A Gathering of Words
In only the second year of this annual
gathering, the Amelia Book Island Festival has created an offering for
readers and writers equal to some of the larger book events in the country.
Located on the northern east coast of Florida, Amelia Island is the
southernmost of the Golden Isles. Fernandina Beach is the only city in
the United States to have been under the
domain of 8 different national flags. The seaport village is composed of a
50-block historic district with many original structures dating back to the
late 19th century. Today, it is a resort village with many quaint
shops, restaurants and entertainment.
The four day celebration of books began Wednesday, October 2nd, with theatrical productions of Pride and Prejudice and Grace and Glory. On Thursday and Friday, author sessions were held at Florida Community College Jacksonville, while other authors visited area schools and libraries for readings.
The Book Island Festival was held Saturday, October 5th, at St. Peter's Episcopal Church with a lovely Spanish courtyard for attendees to relax in between sessions. Thirty-five local, regional and national writers mingled with approximately 200 festival attendees. Sessions covered self-publishing, memoir writing, poetry, Children's Literature, mysteries, historical fiction, history writing, and elements of getting published.

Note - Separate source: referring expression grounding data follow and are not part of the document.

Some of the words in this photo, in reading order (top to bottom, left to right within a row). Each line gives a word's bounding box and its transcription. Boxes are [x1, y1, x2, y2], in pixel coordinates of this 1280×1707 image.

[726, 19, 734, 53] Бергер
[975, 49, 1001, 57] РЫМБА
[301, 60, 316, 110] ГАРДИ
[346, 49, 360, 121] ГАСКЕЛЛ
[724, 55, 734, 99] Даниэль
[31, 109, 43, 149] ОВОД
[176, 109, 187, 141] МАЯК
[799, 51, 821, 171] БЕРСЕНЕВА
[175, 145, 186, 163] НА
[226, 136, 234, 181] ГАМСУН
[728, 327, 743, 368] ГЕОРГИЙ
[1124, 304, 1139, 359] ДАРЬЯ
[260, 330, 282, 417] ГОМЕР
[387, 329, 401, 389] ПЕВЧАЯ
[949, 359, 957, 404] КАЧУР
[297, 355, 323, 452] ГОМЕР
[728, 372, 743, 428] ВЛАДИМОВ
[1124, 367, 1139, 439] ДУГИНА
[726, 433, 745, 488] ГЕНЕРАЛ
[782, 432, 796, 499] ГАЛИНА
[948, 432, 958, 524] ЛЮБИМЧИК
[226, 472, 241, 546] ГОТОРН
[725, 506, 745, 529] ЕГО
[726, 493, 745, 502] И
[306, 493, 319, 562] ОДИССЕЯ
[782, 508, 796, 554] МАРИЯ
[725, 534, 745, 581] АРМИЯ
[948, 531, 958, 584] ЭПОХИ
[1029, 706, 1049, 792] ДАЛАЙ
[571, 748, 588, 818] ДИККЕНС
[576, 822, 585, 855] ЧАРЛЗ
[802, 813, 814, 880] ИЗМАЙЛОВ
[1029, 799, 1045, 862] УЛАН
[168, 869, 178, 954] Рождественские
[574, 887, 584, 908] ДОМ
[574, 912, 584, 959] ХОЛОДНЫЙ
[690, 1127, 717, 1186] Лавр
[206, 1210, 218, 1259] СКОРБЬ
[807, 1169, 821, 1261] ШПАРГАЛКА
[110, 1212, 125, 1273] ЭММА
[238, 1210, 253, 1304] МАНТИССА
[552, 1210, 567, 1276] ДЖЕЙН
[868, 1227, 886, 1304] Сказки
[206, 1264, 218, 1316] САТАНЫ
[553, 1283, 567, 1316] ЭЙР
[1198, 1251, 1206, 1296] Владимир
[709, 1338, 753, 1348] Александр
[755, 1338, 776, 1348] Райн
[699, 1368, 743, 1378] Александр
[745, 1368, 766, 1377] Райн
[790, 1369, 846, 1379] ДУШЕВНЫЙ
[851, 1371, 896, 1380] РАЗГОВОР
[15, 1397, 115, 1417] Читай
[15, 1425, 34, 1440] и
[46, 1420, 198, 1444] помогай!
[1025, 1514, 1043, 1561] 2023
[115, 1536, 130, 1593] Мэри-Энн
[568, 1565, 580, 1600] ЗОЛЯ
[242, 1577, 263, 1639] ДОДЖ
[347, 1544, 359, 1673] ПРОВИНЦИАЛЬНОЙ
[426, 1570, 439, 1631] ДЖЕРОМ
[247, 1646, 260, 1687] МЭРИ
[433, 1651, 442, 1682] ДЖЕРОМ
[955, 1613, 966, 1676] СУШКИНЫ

David Ball's China Run has been selected for Amelia Island's One Book/One Community program. Ball, keynote speaker for the Lunch-with-Authors, spoke on his thriller, which explores the dark side of Americans adopting Chinese babies. Ball's inspiration was his own experience adopting his Chinese daughter.

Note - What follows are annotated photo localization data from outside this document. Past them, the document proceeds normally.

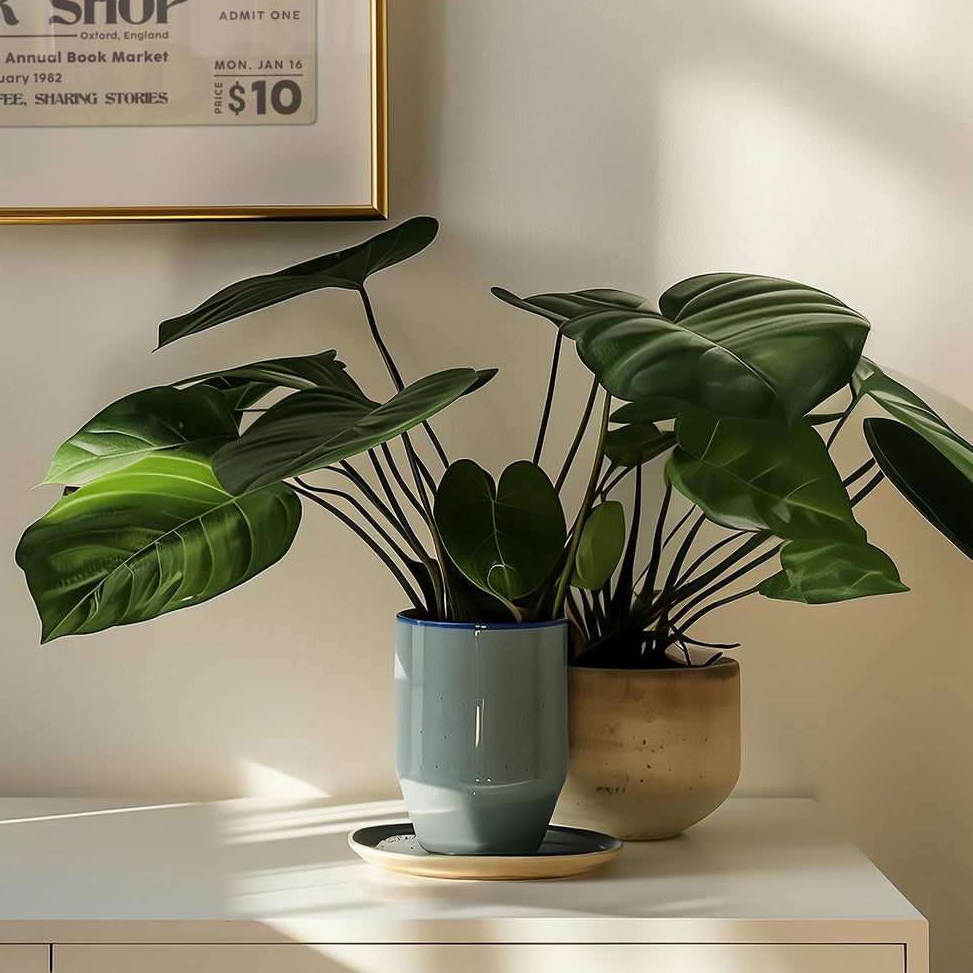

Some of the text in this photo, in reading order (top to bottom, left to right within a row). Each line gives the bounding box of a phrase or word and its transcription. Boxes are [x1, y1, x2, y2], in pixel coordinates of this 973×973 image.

[219, 10, 301, 21] ADMIT ONE
[80, 30, 169, 41] Oxford, England
[5, 52, 61, 63] Annual
[67, 51, 107, 63] Book
[112, 51, 169, 62] Market
[215, 59, 303, 70] MON. JAN 16
[33, 73, 62, 83] 1982
[35, 93, 97, 105] SHARING
[105, 92, 168, 105] STORIES
[214, 82, 223, 114] PRICE
[228, 79, 302, 116] $10
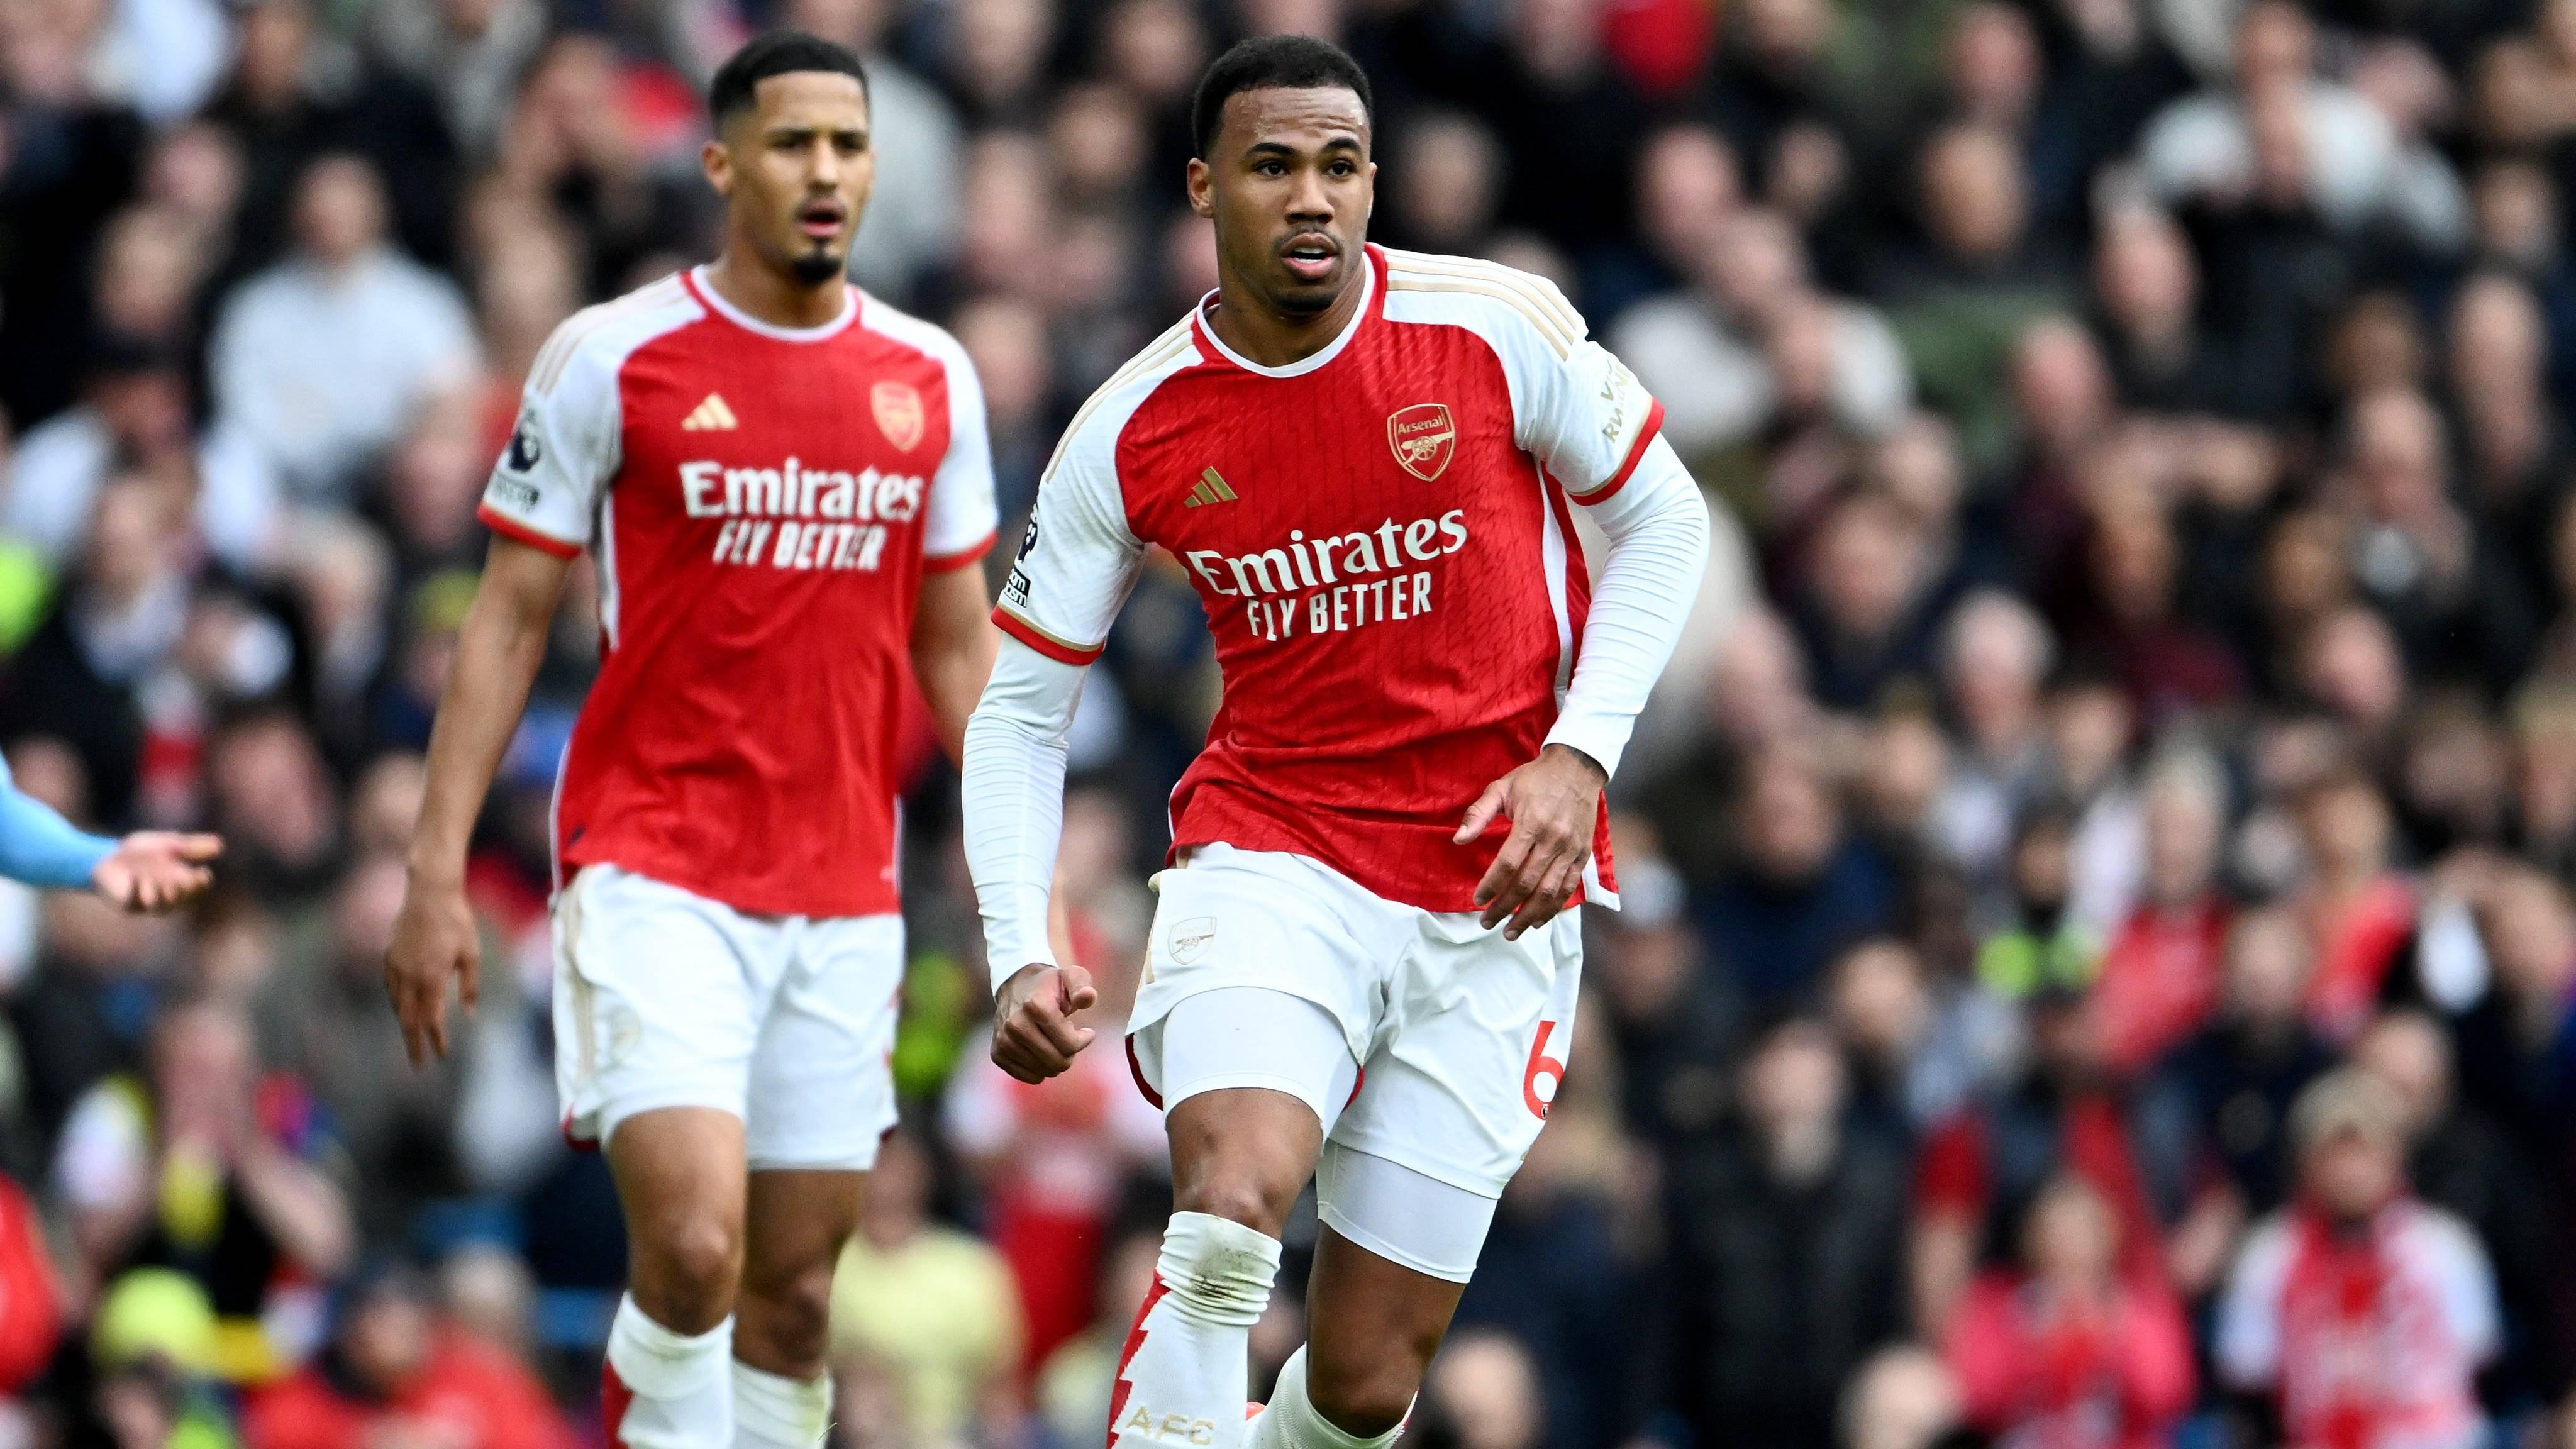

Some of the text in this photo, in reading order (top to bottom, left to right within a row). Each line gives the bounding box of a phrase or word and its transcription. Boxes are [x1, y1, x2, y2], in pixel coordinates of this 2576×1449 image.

[1397, 415, 1444, 435] Arsenal
[679, 456, 924, 523] Emirates
[713, 519, 887, 572] FLY BETTER
[1185, 508, 1468, 597] Emirates
[1246, 570, 1433, 641] FLY BETTER
[1523, 1019, 1565, 1122] 6
[1126, 1405, 1214, 1446] AFC

Lunch-with-Authors had a different author at each table with festival attendees. At my table was author G. W. "Bill" Reynolds III, author of the Jetty Man series and Roads End. Jetty Man is the Southern Gothic coming of age story of a young man in Mayport, Florida, which is in development for a feature film. Roads End is a novel about a south Georgia hunting club that captures the rites of passage for southern men.